● **What to produce**
All records below are to be transcribed exactly, with every picture left out.

● **Given records**
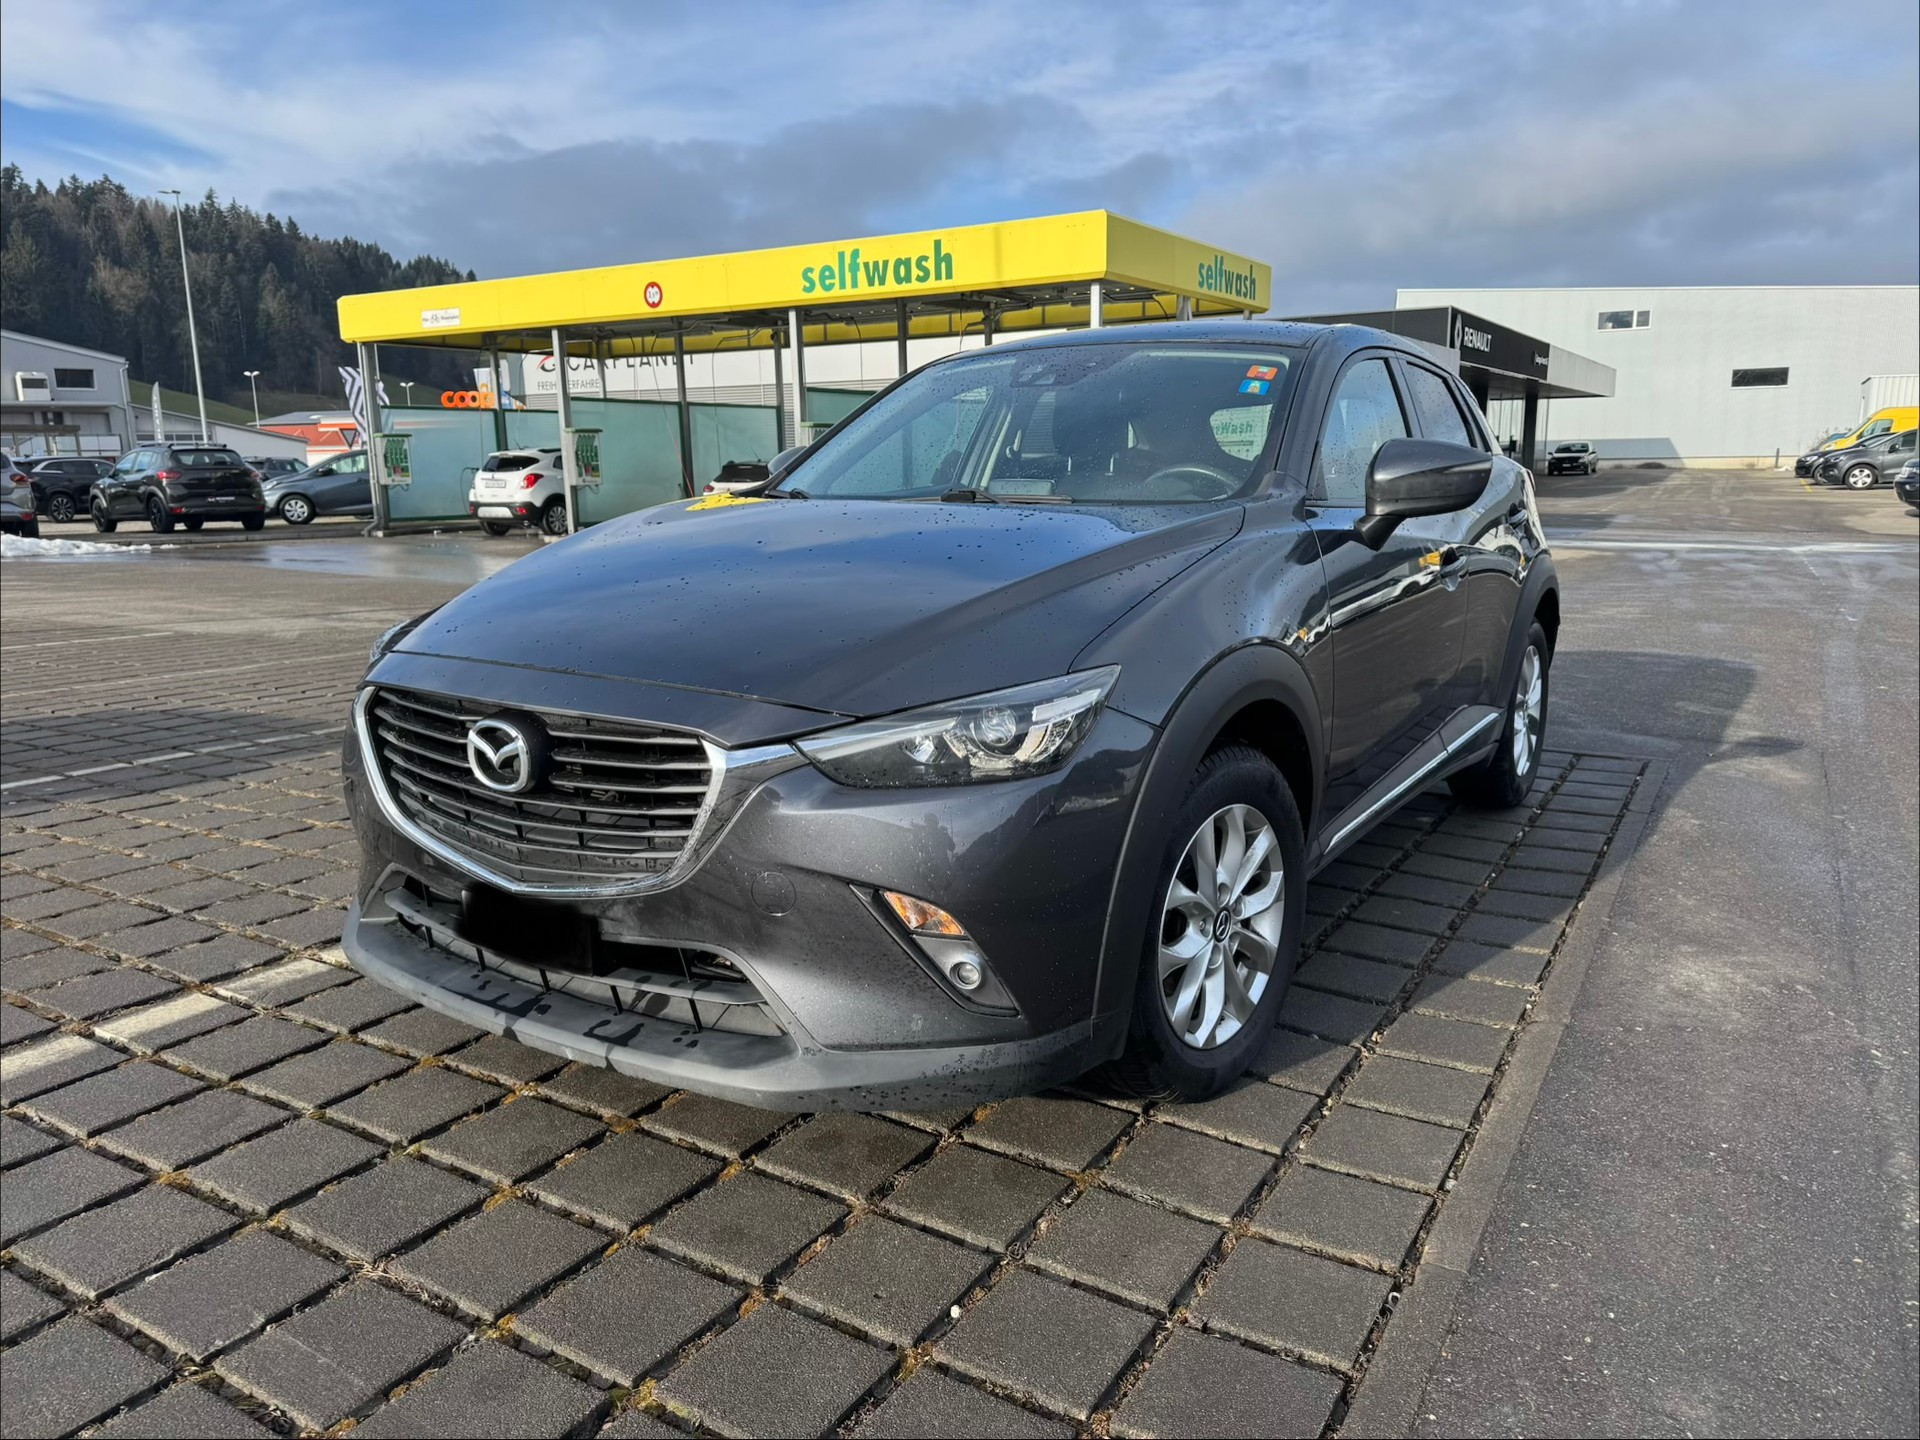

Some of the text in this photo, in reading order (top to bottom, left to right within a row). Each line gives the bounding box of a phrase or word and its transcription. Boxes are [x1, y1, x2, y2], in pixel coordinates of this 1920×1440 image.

[801, 239, 953, 294] selfwash
[1198, 254, 1256, 301] selfwash
[1463, 326, 1492, 352] RENAULT
[441, 390, 495, 409] coop

● **Answer box**
Some of the text in this photo, in reading order (top to bottom, left to right within a row). Each line gives the bounding box of a phrase or word and its transcription. Boxes are [x1, y1, x2, y2], in pixel coordinates of this 1920×1440 image.

[801, 239, 953, 294] selfwash
[1198, 254, 1256, 301] selfwash
[1463, 326, 1492, 352] RENAULT
[441, 390, 495, 409] coop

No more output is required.